D’un point de vue fondamental, les connaissances acquises lors du projet GreenDeconta ont permis de mieux comprendre les effets cellulaires de la lumière visible à haute intensité sur les microorganismes. Les avancées réalisées ont permis de mettre en évidence des effets létaux qui ne seraient pas exclusivement liés à la photo-oxydation. Ces mécanismes devront être recherchés pour décrire plus précisément le scénario des événements conduisant à la mort cellulaire lors de ces traitements. Cette connaissance pourrait permettre d'optimiser ce type de traitement de manière raisonnée. Les résultats issus du projet ont également mis en évidence un potentiel applicatif des traitements lumineux à haute puissance par des LED pour la décontamination de surfaces. Les surfaces technologiques alimentaires pourraient être traitées mais ces traitements pourraient également être appliqué sur des surfaces d’autres environnements (lieux publics, milieu hospitalier…) Enfin, les résultats du projet GreenDeconta ont conduit aux financements de 3 nouveaux projets autour de cette thématique. Le premier est le projet FEDER Virolux (2020-2021) dans lequel l’effet des traitements développés est étudié sur le Norovirus à l’origine des gastro-entérites virales. Le second concerne le projet ANR ClostAbat (2022-2026) dans lequel une des tâches est dédiée à la décontamination de surfaces contaminées par des bactéries pathogènes telles que Clostridium dans les abattoirs. Le dernier est un projet Inter-Carnot Qualiment/Plant2Pro (Effinox, 2022-2025) dans lequel seront étudiés les effets des traitements lumineux sur des matrices alimentaires des filières viti-vinicoles et céréalières.

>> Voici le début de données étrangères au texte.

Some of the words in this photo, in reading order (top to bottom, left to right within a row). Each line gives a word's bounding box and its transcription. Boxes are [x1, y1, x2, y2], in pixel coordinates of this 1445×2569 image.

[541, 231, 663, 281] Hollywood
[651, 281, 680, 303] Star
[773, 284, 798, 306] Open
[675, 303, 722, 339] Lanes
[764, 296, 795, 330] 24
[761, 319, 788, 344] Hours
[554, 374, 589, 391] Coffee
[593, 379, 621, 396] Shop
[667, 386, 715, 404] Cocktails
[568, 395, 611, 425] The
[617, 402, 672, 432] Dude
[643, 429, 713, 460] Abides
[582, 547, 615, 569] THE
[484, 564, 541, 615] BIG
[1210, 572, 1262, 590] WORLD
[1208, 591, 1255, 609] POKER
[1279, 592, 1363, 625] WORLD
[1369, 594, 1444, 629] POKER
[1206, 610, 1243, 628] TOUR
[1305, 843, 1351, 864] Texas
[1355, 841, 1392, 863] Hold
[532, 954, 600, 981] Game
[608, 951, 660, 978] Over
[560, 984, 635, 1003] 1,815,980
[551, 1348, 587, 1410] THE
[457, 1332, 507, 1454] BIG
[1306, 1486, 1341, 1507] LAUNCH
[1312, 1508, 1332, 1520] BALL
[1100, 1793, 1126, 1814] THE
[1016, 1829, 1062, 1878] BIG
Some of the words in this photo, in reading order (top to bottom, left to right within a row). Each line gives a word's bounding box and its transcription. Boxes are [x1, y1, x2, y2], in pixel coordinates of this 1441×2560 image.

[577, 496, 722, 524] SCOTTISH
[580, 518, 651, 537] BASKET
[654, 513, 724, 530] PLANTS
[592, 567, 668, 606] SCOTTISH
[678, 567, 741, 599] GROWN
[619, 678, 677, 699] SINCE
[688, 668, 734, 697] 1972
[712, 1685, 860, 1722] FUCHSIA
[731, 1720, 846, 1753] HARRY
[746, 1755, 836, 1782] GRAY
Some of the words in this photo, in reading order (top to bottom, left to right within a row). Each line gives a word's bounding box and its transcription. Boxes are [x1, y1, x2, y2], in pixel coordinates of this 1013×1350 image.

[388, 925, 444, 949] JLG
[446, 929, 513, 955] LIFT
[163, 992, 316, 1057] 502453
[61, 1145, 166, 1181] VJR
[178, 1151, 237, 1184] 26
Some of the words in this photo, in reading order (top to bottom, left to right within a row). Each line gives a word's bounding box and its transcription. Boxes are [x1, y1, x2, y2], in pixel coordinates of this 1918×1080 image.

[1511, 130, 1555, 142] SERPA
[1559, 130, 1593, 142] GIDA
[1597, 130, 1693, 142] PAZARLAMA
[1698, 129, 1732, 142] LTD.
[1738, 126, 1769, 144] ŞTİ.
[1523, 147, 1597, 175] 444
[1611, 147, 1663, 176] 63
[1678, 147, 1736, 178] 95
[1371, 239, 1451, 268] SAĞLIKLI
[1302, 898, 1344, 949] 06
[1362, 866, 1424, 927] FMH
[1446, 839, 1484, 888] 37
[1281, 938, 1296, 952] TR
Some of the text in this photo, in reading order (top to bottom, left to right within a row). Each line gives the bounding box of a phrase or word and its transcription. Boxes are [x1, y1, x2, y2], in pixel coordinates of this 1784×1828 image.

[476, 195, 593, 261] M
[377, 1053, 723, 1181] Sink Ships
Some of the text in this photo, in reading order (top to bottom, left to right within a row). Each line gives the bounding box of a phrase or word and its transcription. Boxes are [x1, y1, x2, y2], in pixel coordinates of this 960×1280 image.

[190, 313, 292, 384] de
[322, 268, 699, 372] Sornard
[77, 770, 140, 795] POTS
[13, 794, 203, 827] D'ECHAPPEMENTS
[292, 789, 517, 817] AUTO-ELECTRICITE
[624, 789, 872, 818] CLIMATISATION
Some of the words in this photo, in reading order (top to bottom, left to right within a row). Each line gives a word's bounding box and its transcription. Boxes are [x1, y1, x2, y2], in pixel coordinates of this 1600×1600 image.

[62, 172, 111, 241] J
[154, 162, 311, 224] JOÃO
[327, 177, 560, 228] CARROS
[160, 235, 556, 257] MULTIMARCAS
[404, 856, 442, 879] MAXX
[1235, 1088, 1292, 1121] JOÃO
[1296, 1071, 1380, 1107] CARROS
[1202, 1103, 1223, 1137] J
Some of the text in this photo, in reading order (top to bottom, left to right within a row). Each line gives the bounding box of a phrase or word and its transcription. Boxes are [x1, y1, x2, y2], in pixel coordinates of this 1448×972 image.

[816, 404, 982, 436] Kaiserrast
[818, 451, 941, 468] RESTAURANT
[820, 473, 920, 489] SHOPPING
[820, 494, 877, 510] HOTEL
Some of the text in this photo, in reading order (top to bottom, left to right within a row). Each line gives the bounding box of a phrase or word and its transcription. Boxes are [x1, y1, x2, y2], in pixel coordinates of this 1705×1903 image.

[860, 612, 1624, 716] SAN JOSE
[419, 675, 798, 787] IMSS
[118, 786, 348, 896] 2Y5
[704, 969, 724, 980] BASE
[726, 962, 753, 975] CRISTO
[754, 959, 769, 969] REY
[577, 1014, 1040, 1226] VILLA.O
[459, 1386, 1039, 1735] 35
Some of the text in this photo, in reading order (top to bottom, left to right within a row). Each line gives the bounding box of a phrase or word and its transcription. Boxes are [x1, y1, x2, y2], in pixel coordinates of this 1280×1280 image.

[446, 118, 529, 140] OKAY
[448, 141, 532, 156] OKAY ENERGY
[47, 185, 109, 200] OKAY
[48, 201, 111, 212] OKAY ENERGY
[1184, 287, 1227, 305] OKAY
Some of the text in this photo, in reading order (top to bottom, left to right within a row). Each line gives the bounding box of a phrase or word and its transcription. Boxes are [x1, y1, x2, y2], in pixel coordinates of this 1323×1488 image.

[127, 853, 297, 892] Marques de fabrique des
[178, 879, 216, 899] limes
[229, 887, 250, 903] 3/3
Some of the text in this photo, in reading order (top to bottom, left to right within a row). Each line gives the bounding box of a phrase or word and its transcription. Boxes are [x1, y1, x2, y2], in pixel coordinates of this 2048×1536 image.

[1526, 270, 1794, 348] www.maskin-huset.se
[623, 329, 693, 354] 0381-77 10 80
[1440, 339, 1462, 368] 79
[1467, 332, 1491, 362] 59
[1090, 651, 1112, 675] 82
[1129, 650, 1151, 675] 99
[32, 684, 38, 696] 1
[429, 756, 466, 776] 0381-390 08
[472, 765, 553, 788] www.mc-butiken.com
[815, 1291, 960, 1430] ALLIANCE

A l’issue de ce projet, un article scientifique a été accepté pour publication dans Applied Microbiology and Biotechnology et deux autres articles originaux sont en cours de finalisation. Le premier article concerne le développement du réacteur Ultra Haute Intensité (UHI) et la preuve d’efficacité sur des surfaces technologiques. Le deuxième s’attache à décrire l’efficacité sur des formes plus résistantes (spores bactériennes et fongiques). Le dernier article décrit les mécanismes cellulaires associés à l’inactivation microbienne par la lumière intense.
1. Lang E., Thery T., Peltier C., Colliau F., Adamuz J., Grangeteau C., Dupont S., Beney L. Ultra-High Irradiance (UHI) blue light: Highlighting the potential of a novel LED-based device for short antifungal treatments of food contact surfaces, Applied Microbiology and Biotechnology (In press, doi.org/10.1007/s00253-021-11718-9)
2. Thery T., Grangeteau C., Beney L., Dupont S. Ultra-High Irradiance (UHI) LED inactivation of bacterial and fungal spores (en cours de finalisation, soumission dans Food Control prévue premier semestre 2022)
3. Thery T., Grangeteau C., Beney L., Dupont S. Ultra-high irradiance blue light treatment : kinetics and mechanisms of inactivation (en cours de finalisation, soumission dans Frontiers in Microbiology prévue premier semestre 2022)
En plus de pouvoir présenter certains effets pathogènes, la présence de microorganismes à la surface des matières premières alimentaires est à l’origine d’une perte importante de la production agricole destinée à la consommation. La principale solution actuelle est l’emploi massif de fongicides et bactéricides utilisés directement sur les fruits et légumes, sur les surfaces technologiques ou bien encore pour traiter les eaux de lavage des matières premières agricoles. Cette solution induit cependant des problèmes environnementaux et toxicologiques majeurs. De ce fait, la recherche de solutions ou technologies alternatives durables est devenu un enjeu majeur.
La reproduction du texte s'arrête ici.